Split Size Sensitivity

Split Size Sensitivity

Sensitivity Analysis

Common split percentages are just heuristics, it is better to know how your data/model behave under different split scenarios.

If you have the luxury of time and compute, perform a sensitivity analysis of split sizes (e.g. between 50/50 to 99/1 with some linear interval) and optimize for one or more target properties of stability like data distribution and/or model performance.

The motivating question here is:

What evidence is there that one split size is better than another?

Split vs Data Distribution Sensitivity

Compare data distributions of train/test sets and find the point where they diverge (see Data Distribution Tests).

  1. Compare the correlations of each input/target variable (e.g. Pearson’s or Spearman’s).
  2. Compare the central tendencies for each input/target variable (e.g. t-Test or Mann-Whitney U Test).
  3. Compare the distributions for each input/target variable (e.g. Kolmogorov-Smirnov Test or Anderson-Darling Test).
  4. Compare the variance for each input/target variable (e.g. F-test, Levene’s test).
  5. Compare the divergence for the input/target variable distributions (e.g. KL-divergence or JS-divergence).

Split vs Performance Sensitivity

Compare the distributions of standard un-tuned machine learning model performance scores on train/test sets and find the point where they diverge (see Model Performance Tests).

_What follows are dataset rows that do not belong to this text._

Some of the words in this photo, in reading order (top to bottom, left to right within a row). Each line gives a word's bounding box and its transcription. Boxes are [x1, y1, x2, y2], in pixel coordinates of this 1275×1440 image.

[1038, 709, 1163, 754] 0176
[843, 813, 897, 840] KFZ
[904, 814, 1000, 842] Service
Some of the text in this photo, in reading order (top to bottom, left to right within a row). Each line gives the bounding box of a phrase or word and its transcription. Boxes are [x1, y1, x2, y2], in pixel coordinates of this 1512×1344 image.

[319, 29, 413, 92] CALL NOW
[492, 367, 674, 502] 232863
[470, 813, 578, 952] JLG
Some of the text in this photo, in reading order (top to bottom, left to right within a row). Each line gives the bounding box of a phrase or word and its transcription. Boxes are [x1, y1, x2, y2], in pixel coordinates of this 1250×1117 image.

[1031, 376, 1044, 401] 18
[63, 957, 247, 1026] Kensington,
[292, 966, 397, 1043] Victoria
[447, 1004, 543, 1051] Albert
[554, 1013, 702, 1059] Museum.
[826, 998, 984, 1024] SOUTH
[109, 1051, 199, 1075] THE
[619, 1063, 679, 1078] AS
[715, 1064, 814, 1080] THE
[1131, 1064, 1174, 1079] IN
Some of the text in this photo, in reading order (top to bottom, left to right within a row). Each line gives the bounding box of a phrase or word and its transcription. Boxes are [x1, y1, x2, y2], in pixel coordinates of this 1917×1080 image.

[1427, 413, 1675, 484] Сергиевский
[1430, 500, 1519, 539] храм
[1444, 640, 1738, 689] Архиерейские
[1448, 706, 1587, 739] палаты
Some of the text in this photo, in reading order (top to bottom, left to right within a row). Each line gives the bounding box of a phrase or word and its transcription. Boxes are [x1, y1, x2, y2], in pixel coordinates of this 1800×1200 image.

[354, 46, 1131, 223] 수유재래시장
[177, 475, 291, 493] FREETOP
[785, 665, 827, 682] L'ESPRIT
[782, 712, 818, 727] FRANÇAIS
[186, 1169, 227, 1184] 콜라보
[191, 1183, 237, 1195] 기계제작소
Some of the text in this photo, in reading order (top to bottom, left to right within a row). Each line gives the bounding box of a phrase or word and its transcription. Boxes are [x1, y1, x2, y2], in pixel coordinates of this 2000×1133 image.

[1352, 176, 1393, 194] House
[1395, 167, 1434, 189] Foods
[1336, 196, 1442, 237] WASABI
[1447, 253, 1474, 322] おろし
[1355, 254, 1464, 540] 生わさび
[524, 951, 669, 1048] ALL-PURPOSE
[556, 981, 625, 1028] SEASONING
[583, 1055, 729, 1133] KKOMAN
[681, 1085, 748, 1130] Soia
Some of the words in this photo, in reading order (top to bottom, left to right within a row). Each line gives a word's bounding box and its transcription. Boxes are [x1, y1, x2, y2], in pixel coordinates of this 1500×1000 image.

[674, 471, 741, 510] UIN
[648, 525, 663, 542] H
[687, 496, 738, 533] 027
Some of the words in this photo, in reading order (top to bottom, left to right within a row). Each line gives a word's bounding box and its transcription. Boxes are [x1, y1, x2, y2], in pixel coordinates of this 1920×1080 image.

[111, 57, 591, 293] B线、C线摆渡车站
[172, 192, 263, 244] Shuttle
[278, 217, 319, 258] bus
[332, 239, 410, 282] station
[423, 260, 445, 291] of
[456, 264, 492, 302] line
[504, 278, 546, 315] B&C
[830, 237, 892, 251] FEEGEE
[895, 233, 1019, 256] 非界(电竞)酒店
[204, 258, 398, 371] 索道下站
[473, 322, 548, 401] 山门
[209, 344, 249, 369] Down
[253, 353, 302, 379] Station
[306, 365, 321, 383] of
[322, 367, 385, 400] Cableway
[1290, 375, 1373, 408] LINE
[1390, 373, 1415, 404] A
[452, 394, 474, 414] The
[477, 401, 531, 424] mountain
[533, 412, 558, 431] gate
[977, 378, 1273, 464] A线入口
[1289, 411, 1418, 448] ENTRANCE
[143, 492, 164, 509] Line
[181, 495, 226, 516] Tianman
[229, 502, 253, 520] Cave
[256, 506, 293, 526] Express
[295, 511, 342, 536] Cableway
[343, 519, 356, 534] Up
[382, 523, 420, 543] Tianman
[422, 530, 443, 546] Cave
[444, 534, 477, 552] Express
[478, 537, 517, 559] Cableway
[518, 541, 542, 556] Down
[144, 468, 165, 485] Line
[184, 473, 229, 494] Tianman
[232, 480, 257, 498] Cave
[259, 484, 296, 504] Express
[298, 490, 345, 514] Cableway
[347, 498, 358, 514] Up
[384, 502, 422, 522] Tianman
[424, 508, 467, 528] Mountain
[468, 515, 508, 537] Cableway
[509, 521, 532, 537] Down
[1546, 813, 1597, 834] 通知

  1. Compare the correlations of model performance scores (e.g. Pearson’s or Spearman’s).
  2. Compare the central tendencies of model performance scores (e.g. t-Test or Mann-Whitney U Test).
  3. Compare the distributions of model performance scores (e.g. Kolmogorov-Smirnov Test or Anderson-Darling Test).
  4. Compare the variance of model performance scores (e.g. F-test, Levene’s test).
  5. Compare the divergence of model performance score distributions (e.g. KL-divergence or JS-divergence).